## Activity
Retype the entries below word for word, leaving out every picture.

## Information provided
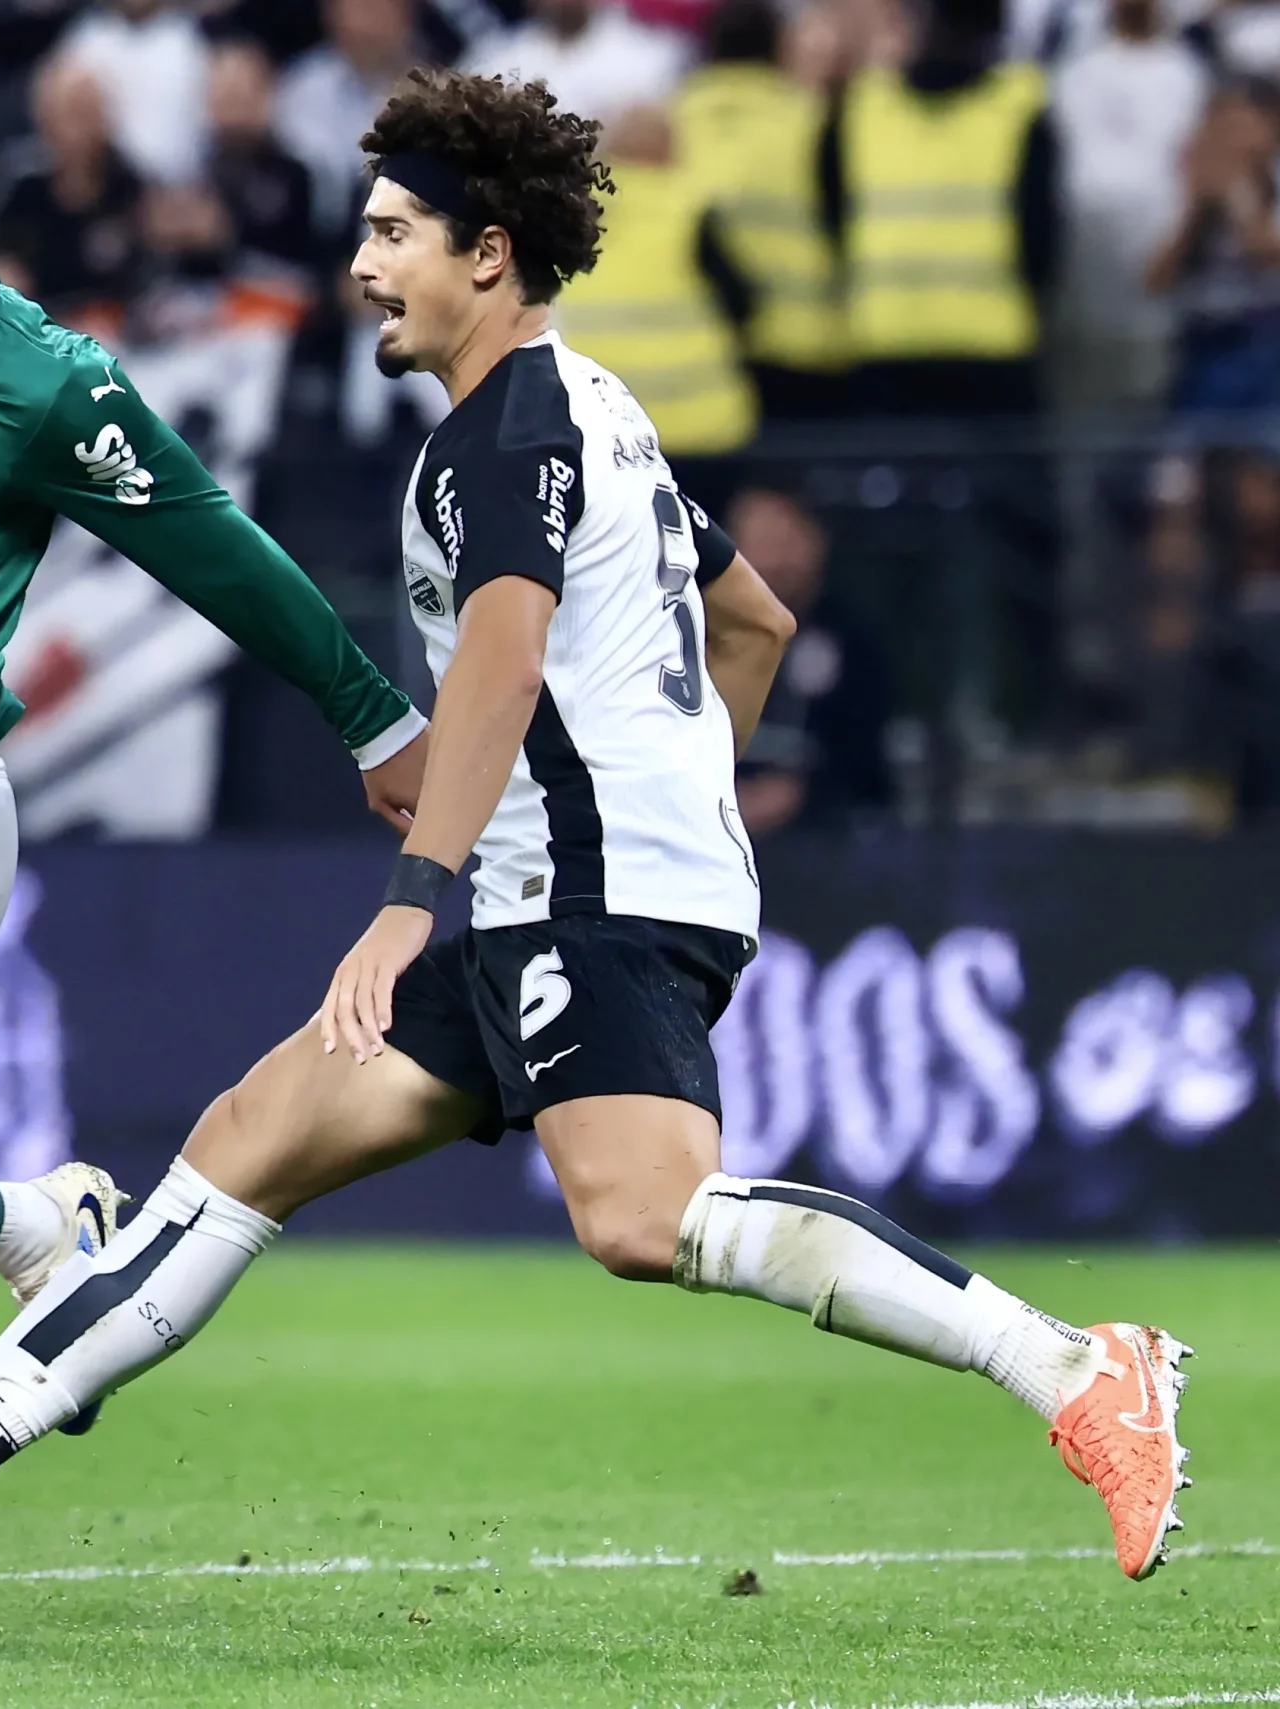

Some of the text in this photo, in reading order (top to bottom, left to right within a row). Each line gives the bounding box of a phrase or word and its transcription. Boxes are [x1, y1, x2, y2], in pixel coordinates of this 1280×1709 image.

[536, 464, 549, 501] banco
[542, 456, 575, 535] bmg
[651, 482, 705, 717] 5
[519, 945, 571, 1042] 5
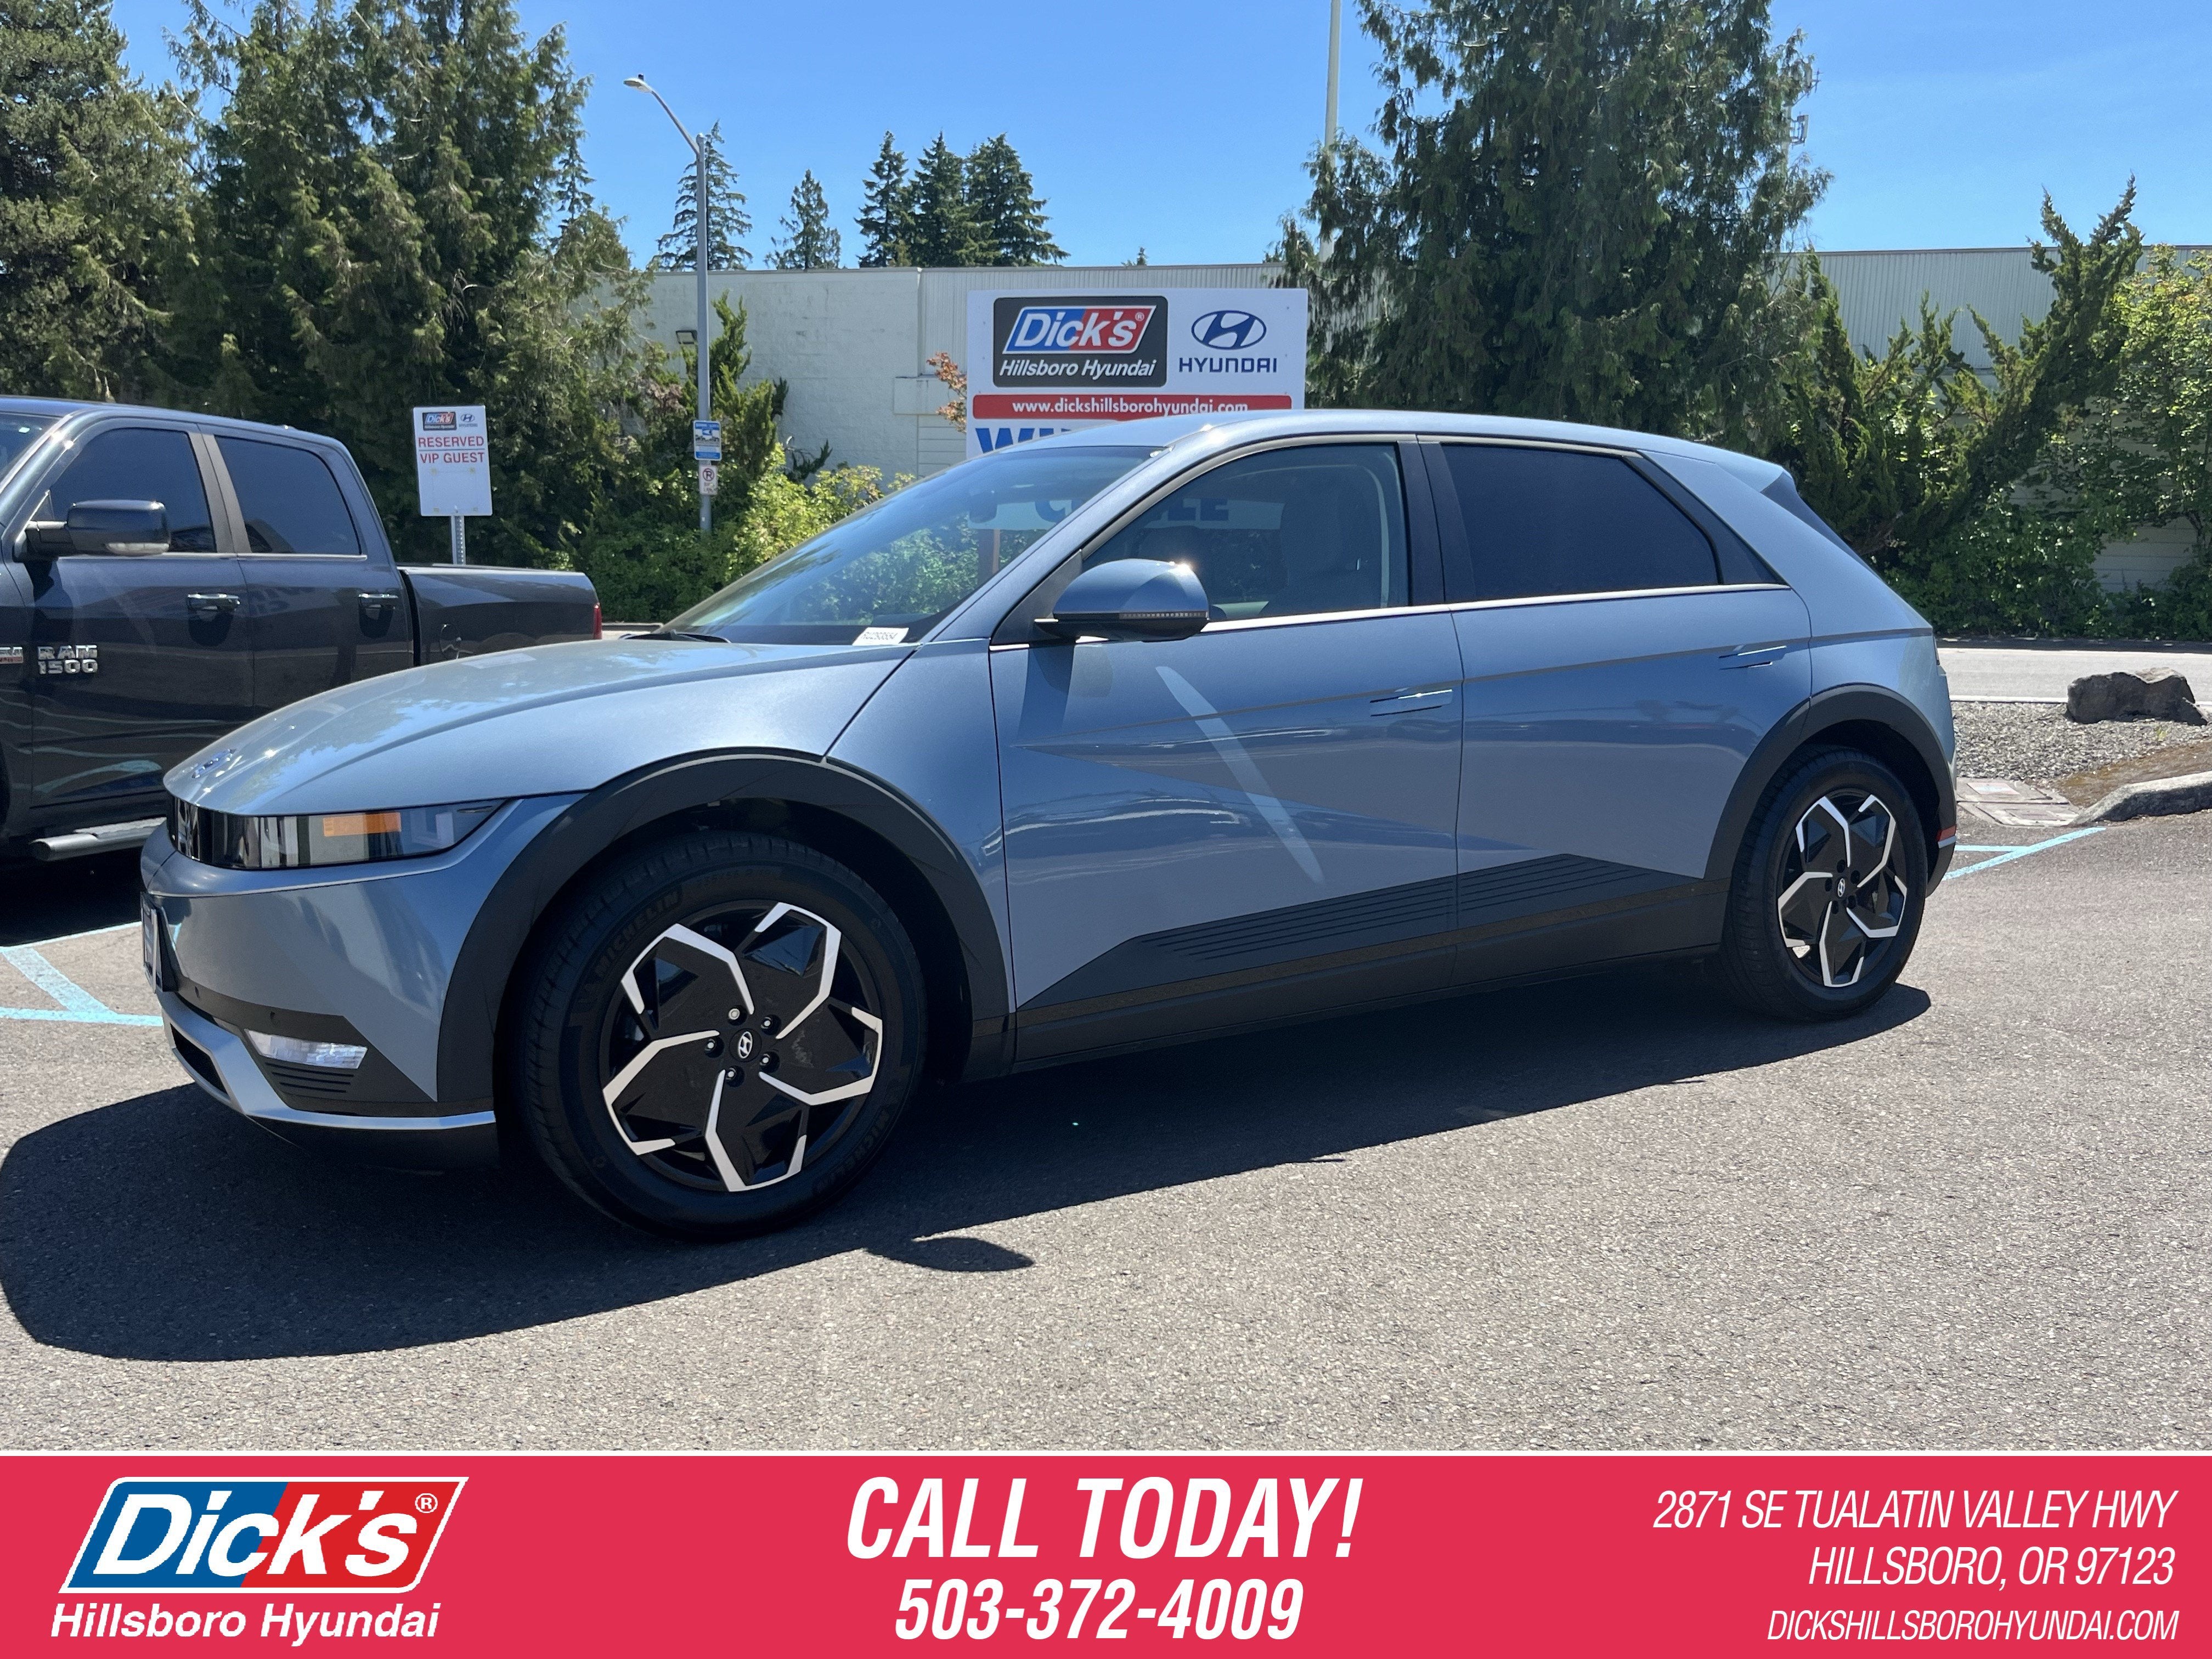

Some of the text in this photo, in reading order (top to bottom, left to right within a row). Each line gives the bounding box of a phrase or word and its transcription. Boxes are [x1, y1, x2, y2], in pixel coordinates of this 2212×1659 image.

[1014, 311, 1137, 347] Dick's
[999, 359, 1156, 380] Hillsboro Hyundai
[1179, 357, 1277, 373] HYUNDAI
[1012, 397, 1248, 417] www.dickshillsborohyundai.com
[418, 436, 484, 448] RESERVED
[420, 452, 484, 464] VIP GUEST
[37, 645, 98, 659] RAM
[38, 659, 98, 674] 1500

## Expected answer
Some of the text in this photo, in reading order (top to bottom, left to right within a row). Each line gives the bounding box of a phrase or word and its transcription. Boxes are [x1, y1, x2, y2], in pixel coordinates of this 1280×1709 image.

[536, 464, 549, 501] banco
[542, 456, 575, 535] bmg
[651, 482, 705, 717] 5
[519, 945, 571, 1042] 5

Some of the text in this photo, in reading order (top to bottom, left to right within a row). Each line gives the bounding box of a phrase or word and its transcription. Boxes are [x1, y1, x2, y2], in pixel coordinates of this 2212×1659 image.

[1014, 311, 1137, 347] Dick's
[999, 359, 1156, 380] Hillsboro Hyundai
[1179, 357, 1277, 373] HYUNDAI
[1012, 397, 1248, 417] www.dickshillsborohyundai.com
[418, 436, 484, 448] RESERVED
[420, 452, 484, 464] VIP GUEST
[37, 645, 98, 659] RAM
[38, 659, 98, 674] 1500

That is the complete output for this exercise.